## EXERCISE PROMPT
This exercise calls for retyping every line below exactly, with the images omitted.

## INFORMATION PROVIDED
═══
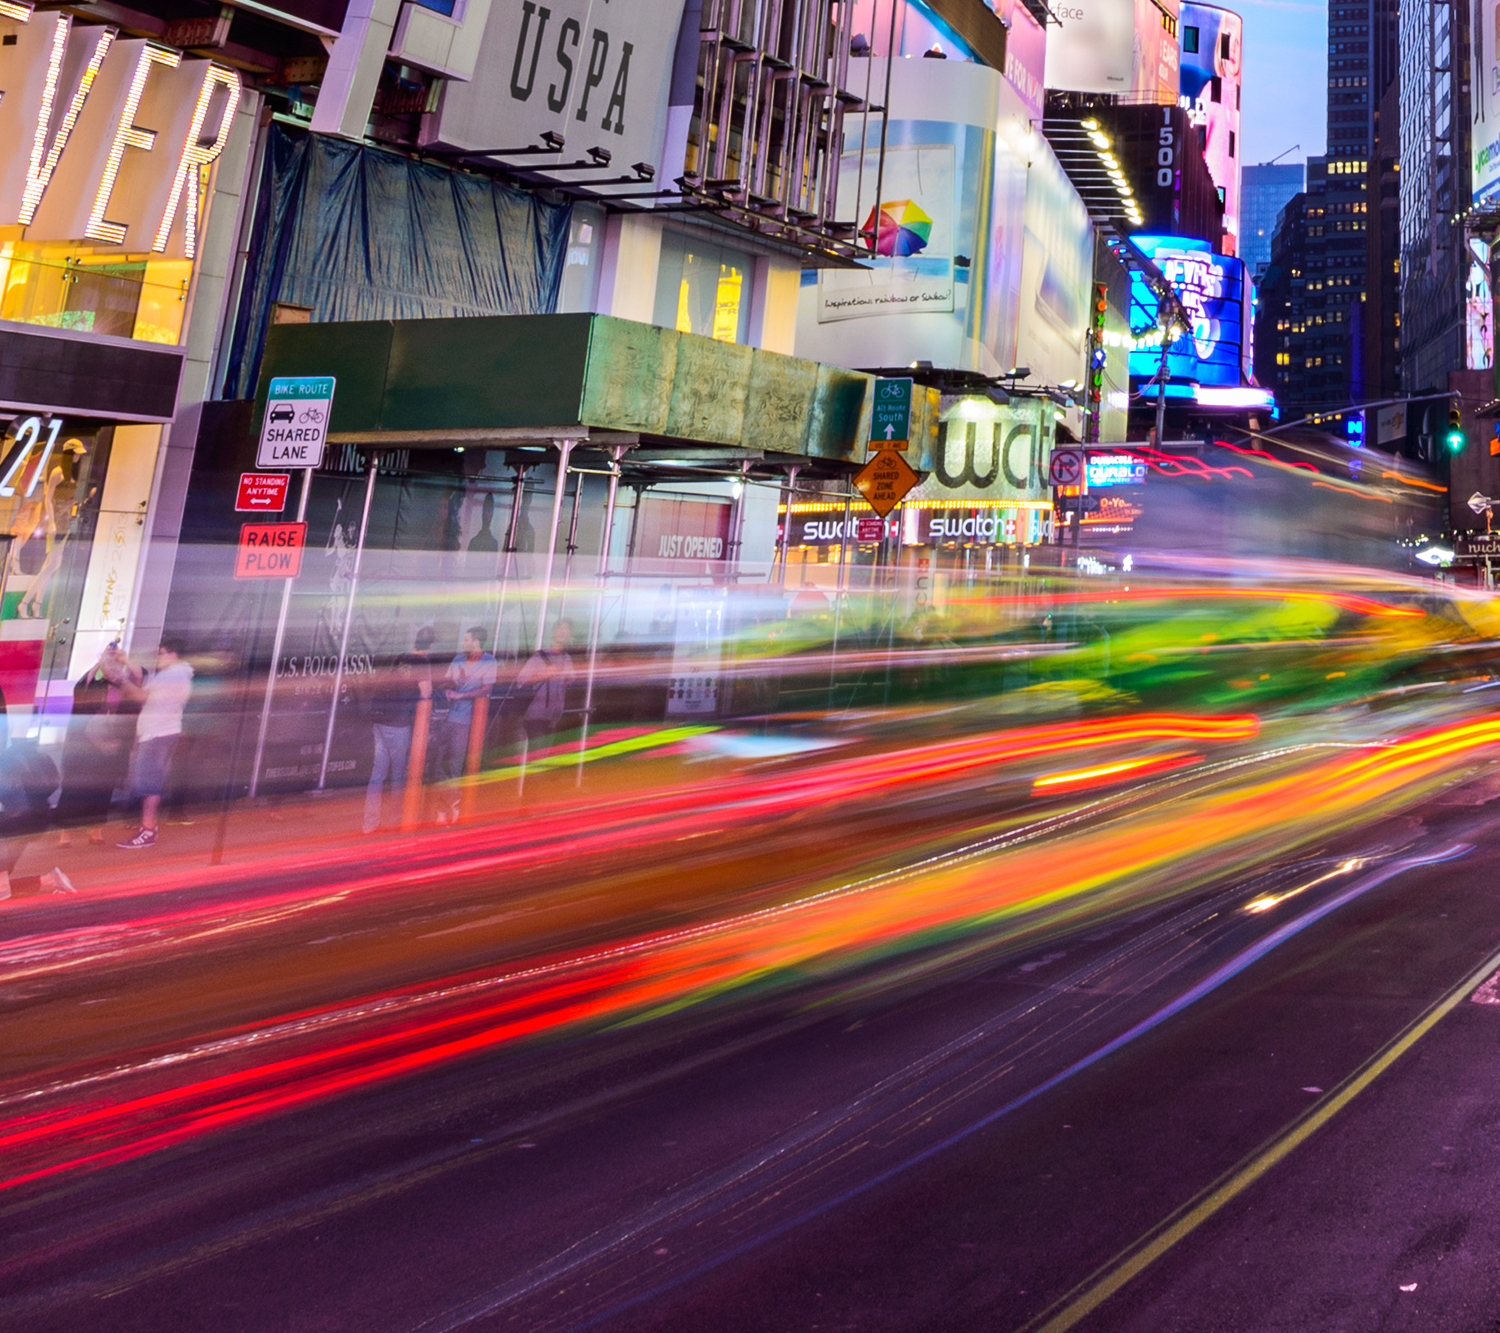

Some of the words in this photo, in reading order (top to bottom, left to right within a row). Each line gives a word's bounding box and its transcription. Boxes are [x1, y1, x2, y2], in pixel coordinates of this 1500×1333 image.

[509, 0, 633, 134] USPA
[1158, 108, 1175, 187] 1500
[909, 295, 920, 303] or
[275, 384, 295, 395] BIKE
[298, 383, 328, 394] ROUTE
[878, 413, 903, 422] South
[267, 428, 320, 442] SHARED
[272, 446, 308, 460] LANE
[243, 478, 253, 486] NO
[255, 477, 285, 486] STANDING
[873, 472, 899, 481] SHARED
[246, 487, 279, 496] ANYTIME
[876, 482, 893, 491] ZONE
[873, 492, 896, 500] AHEAD
[929, 515, 1005, 537] swatch
[247, 531, 298, 547] RAISE
[658, 536, 683, 557] JUST
[683, 535, 723, 558] OPENED
[245, 554, 293, 570] PLOW
═══
## TASK ANSWER
Some of the words in this photo, in reading order (top to bottom, left to right within a row). Each line gives a word's bounding box and its transcription. Boxes are [x1, y1, x2, y2], in pixel coordinates of this 1500×1333 image.

[509, 0, 633, 134] USPA
[1158, 108, 1175, 187] 1500
[909, 295, 920, 303] or
[275, 384, 295, 395] BIKE
[298, 383, 328, 394] ROUTE
[878, 413, 903, 422] South
[267, 428, 320, 442] SHARED
[272, 446, 308, 460] LANE
[243, 478, 253, 486] NO
[255, 477, 285, 486] STANDING
[873, 472, 899, 481] SHARED
[246, 487, 279, 496] ANYTIME
[876, 482, 893, 491] ZONE
[873, 492, 896, 500] AHEAD
[929, 515, 1005, 537] swatch
[247, 531, 298, 547] RAISE
[658, 536, 683, 557] JUST
[683, 535, 723, 558] OPENED
[245, 554, 293, 570] PLOW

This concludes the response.